» **SOURCE MATERIAL**:
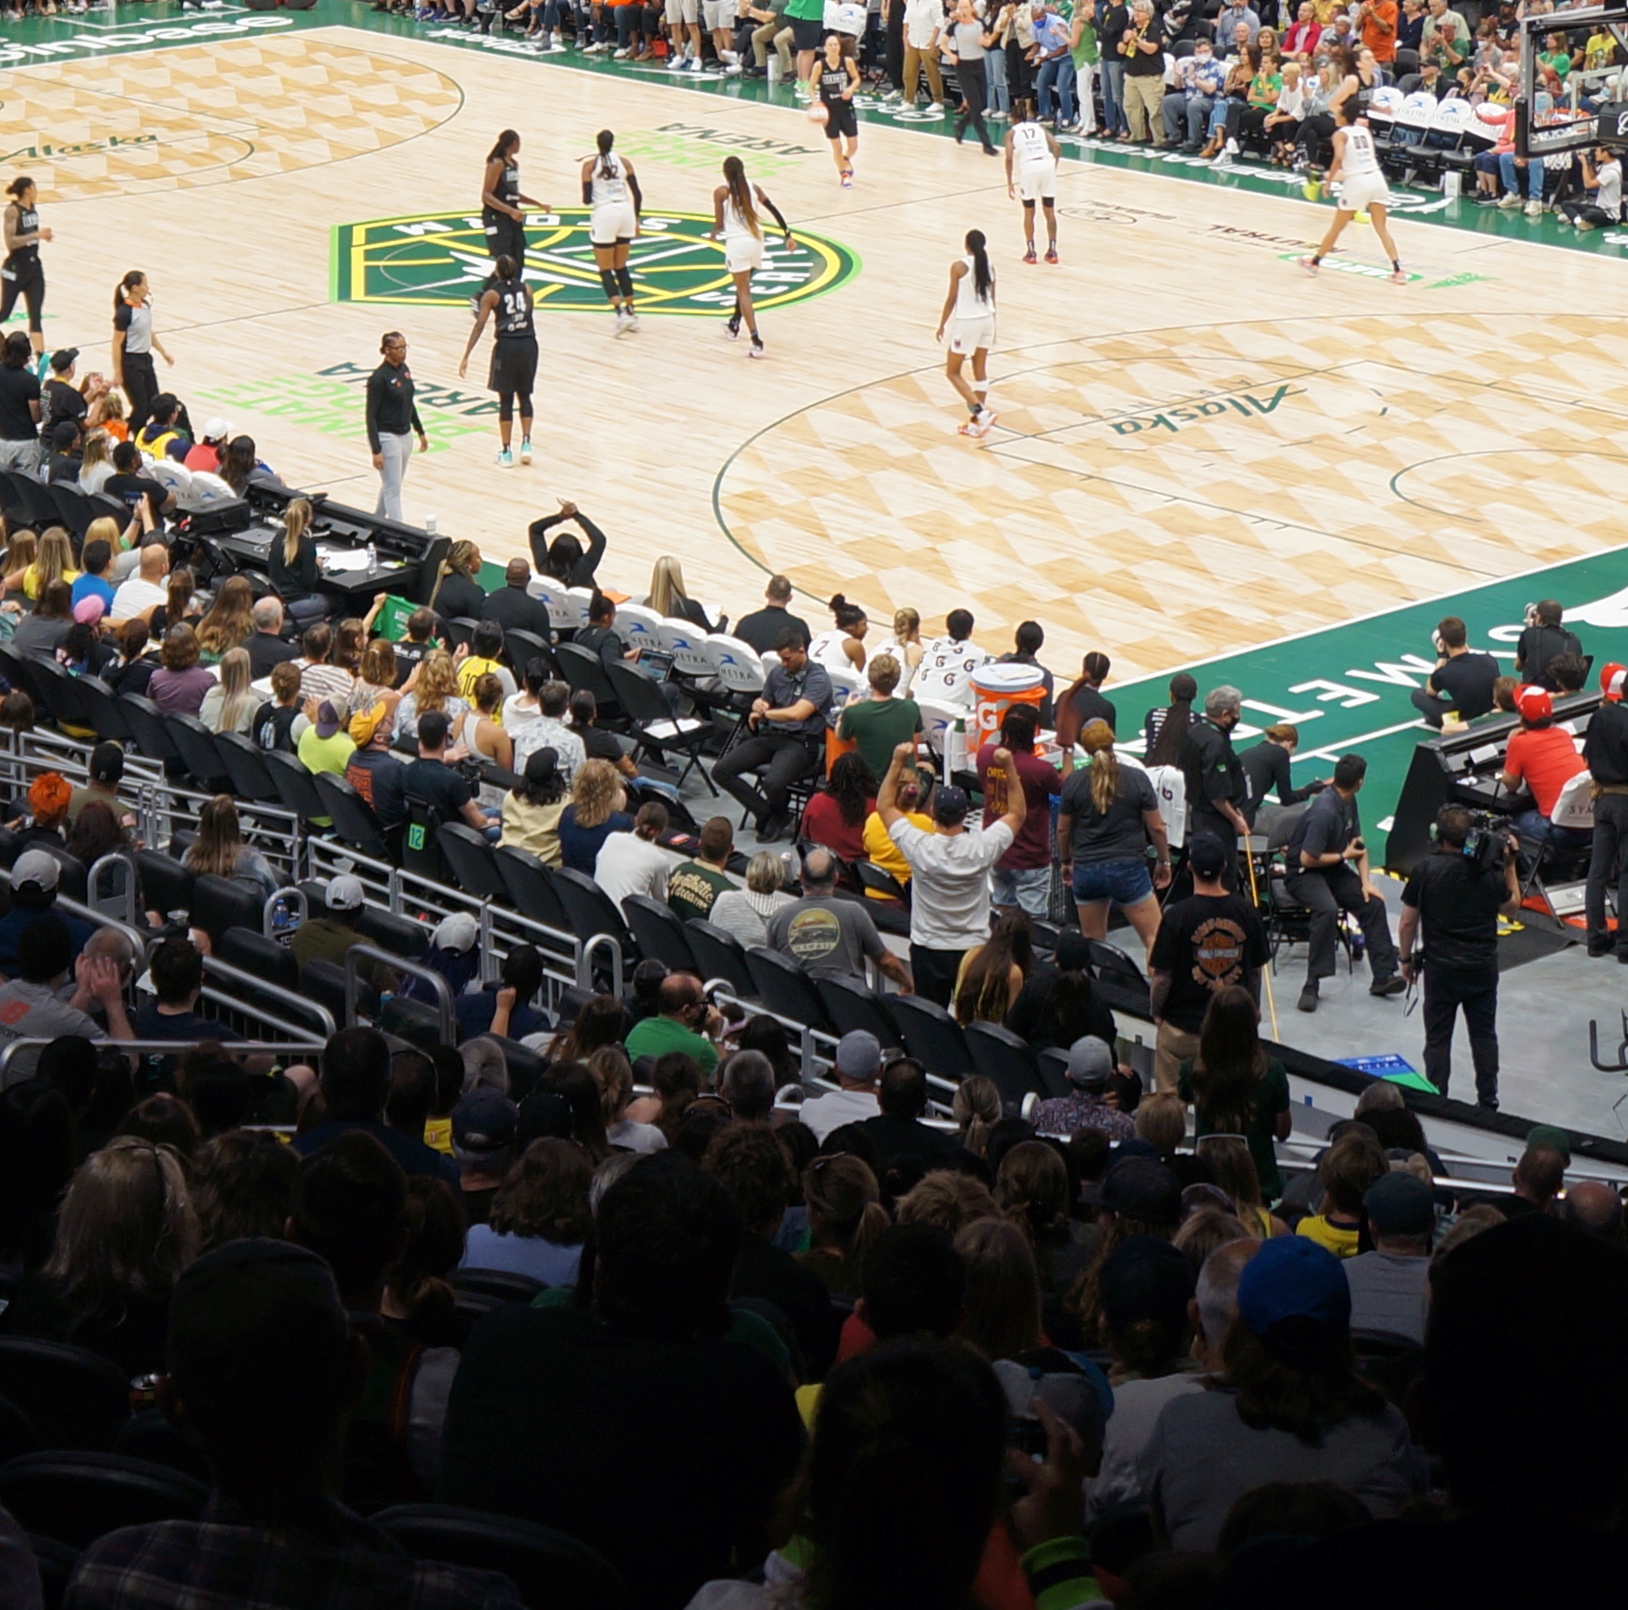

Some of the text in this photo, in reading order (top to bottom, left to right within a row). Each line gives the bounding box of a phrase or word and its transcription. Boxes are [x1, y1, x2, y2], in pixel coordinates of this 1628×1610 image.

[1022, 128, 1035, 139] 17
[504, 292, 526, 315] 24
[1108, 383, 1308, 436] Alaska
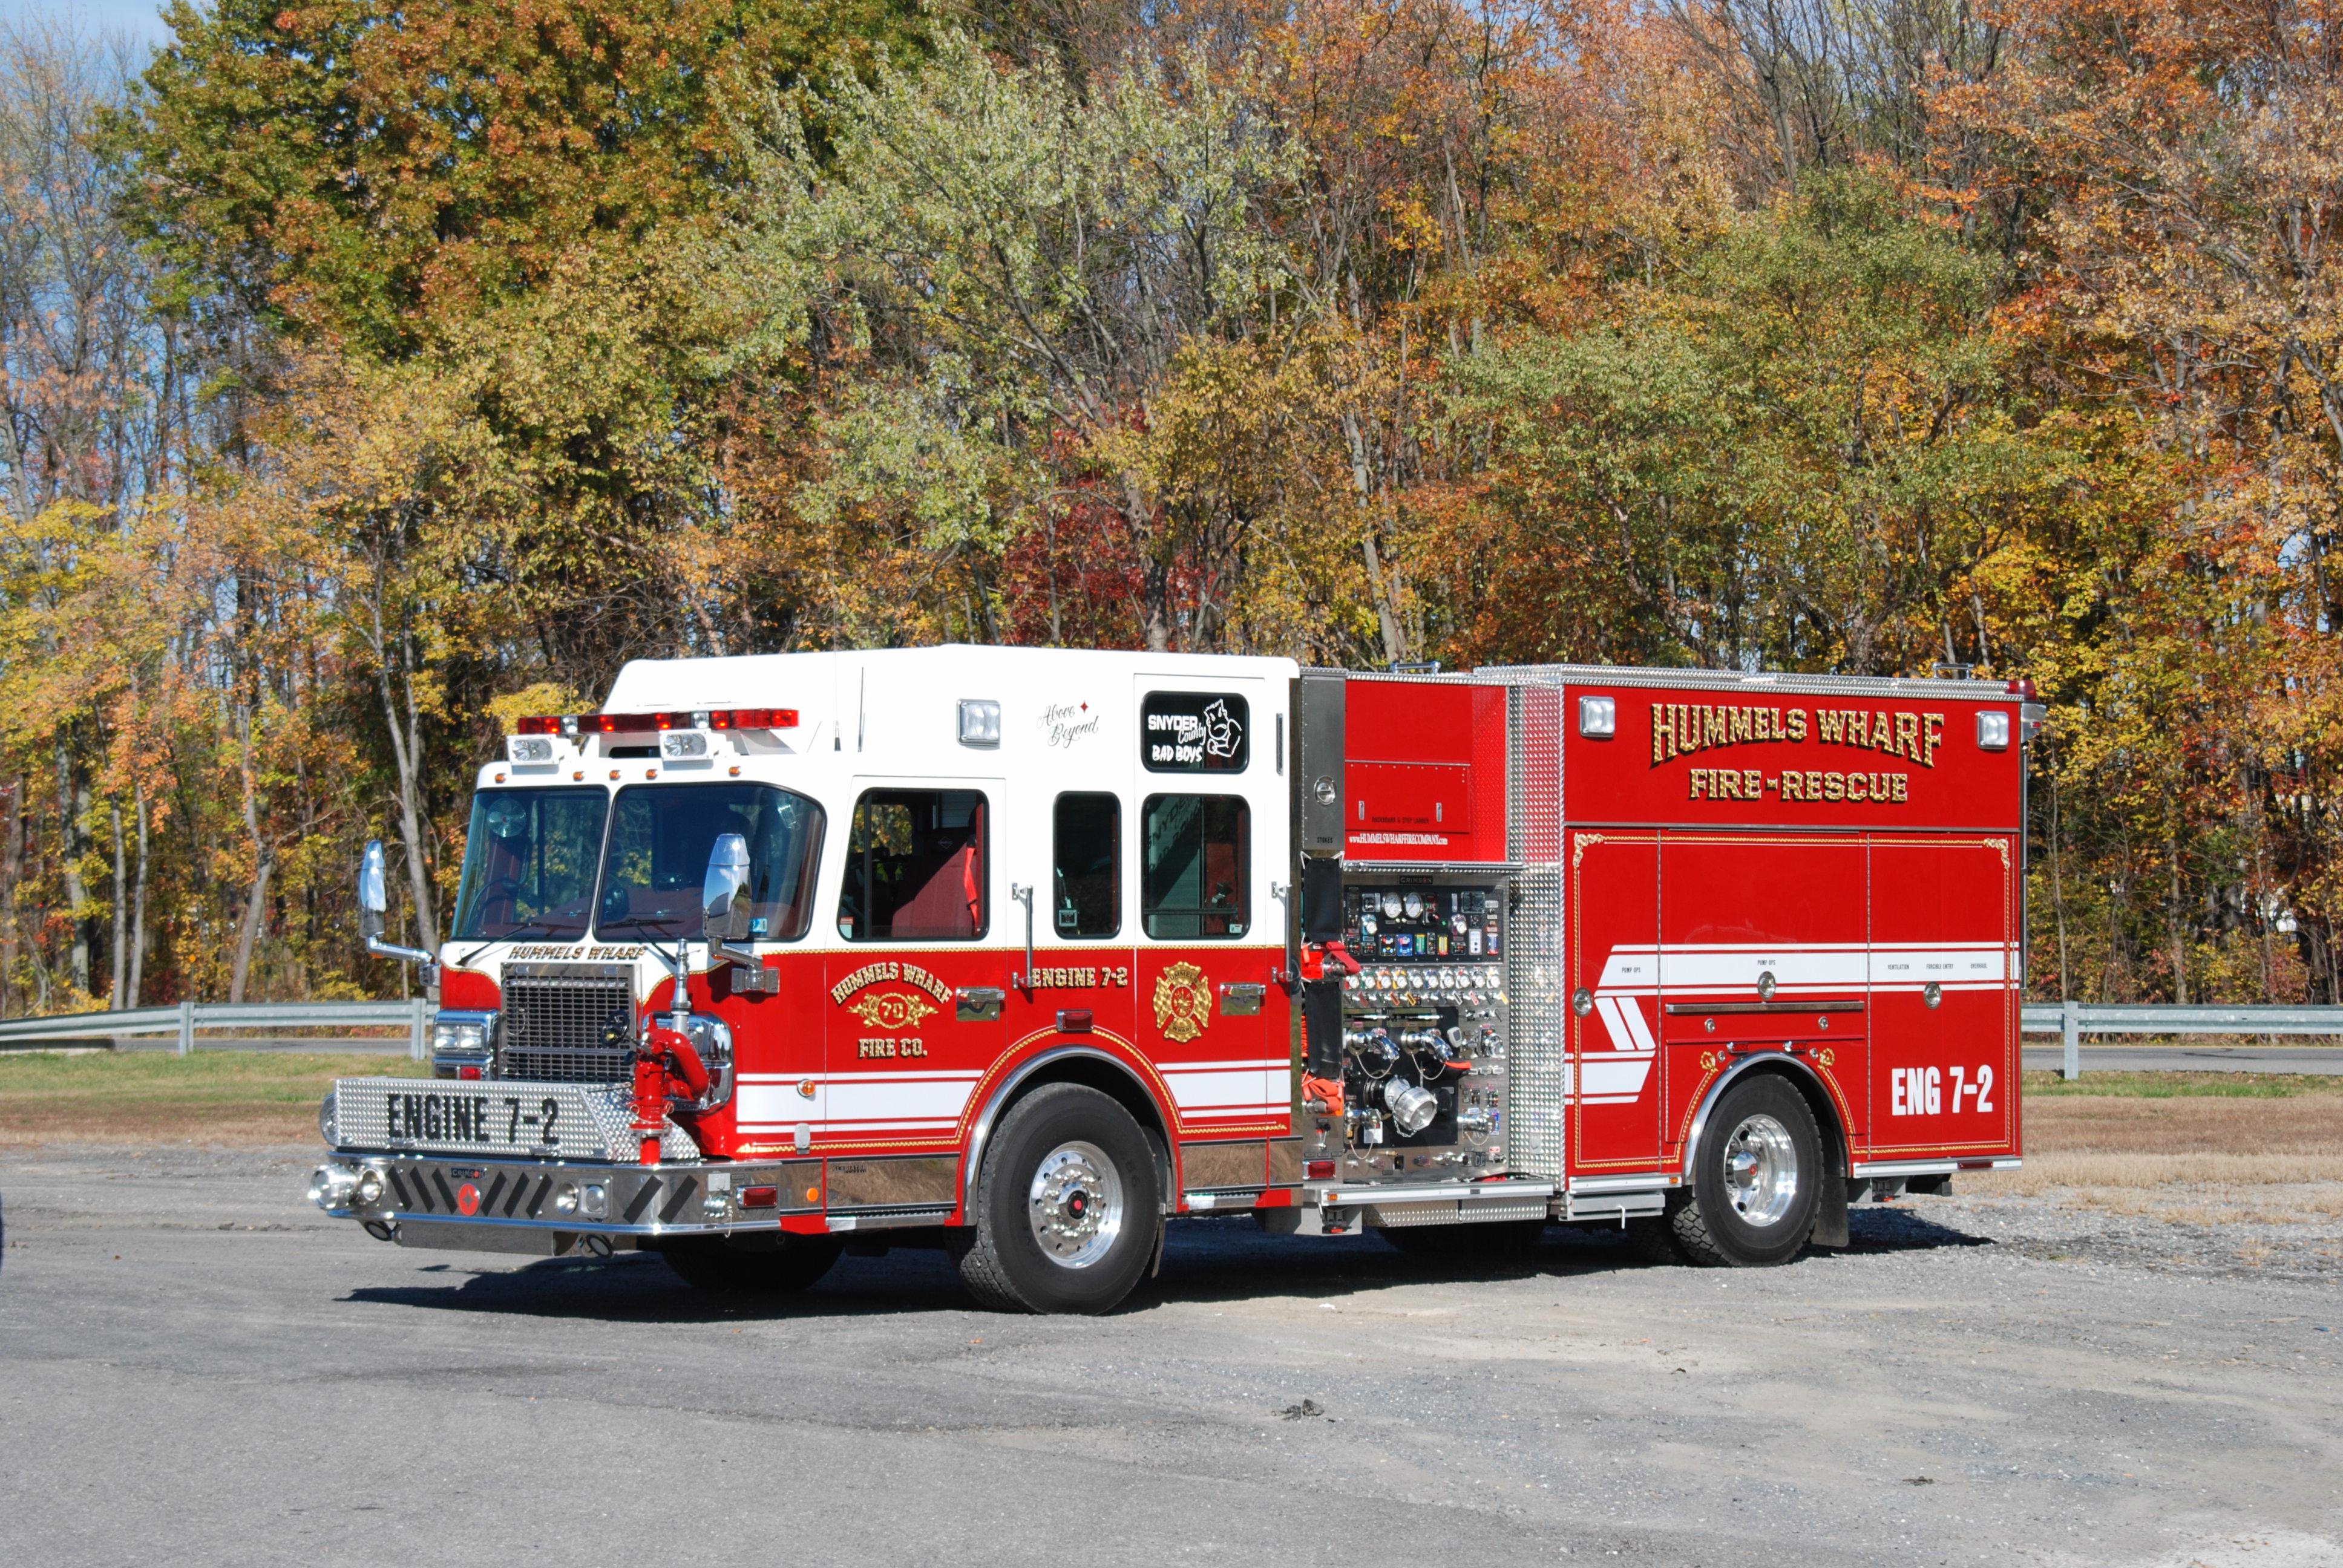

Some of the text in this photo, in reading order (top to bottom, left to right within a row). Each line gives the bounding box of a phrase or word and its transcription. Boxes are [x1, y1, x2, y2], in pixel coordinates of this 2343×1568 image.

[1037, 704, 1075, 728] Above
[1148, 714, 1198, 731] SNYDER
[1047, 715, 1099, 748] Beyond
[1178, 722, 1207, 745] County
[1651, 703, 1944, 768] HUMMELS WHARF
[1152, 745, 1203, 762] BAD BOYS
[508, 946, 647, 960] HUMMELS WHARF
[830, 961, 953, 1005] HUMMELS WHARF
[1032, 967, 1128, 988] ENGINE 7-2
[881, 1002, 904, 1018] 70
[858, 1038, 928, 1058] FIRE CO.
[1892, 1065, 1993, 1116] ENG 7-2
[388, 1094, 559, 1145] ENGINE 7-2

» **EXERCISE BRIEF**: Omit the pictures. Repeat the rest of the data exactly.

» **RESULT FOR THIS TASK**:
Some of the text in this photo, in reading order (top to bottom, left to right within a row). Each line gives the bounding box of a phrase or word and its transcription. Boxes are [x1, y1, x2, y2], in pixel coordinates of this 1628×1610 image.

[1022, 128, 1035, 139] 17
[504, 292, 526, 315] 24
[1108, 383, 1308, 436] Alaska

Some of the text in this photo, in reading order (top to bottom, left to right within a row). Each line gives the bounding box of a phrase or word and its transcription. Boxes are [x1, y1, x2, y2], in pixel coordinates of this 2343×1568 image.

[1037, 704, 1075, 728] Above
[1148, 714, 1198, 731] SNYDER
[1047, 715, 1099, 748] Beyond
[1178, 722, 1207, 745] County
[1651, 703, 1944, 768] HUMMELS WHARF
[1152, 745, 1203, 762] BAD BOYS
[508, 946, 647, 960] HUMMELS WHARF
[830, 961, 953, 1005] HUMMELS WHARF
[1032, 967, 1128, 988] ENGINE 7-2
[881, 1002, 904, 1018] 70
[858, 1038, 928, 1058] FIRE CO.
[1892, 1065, 1993, 1116] ENG 7-2
[388, 1094, 559, 1145] ENGINE 7-2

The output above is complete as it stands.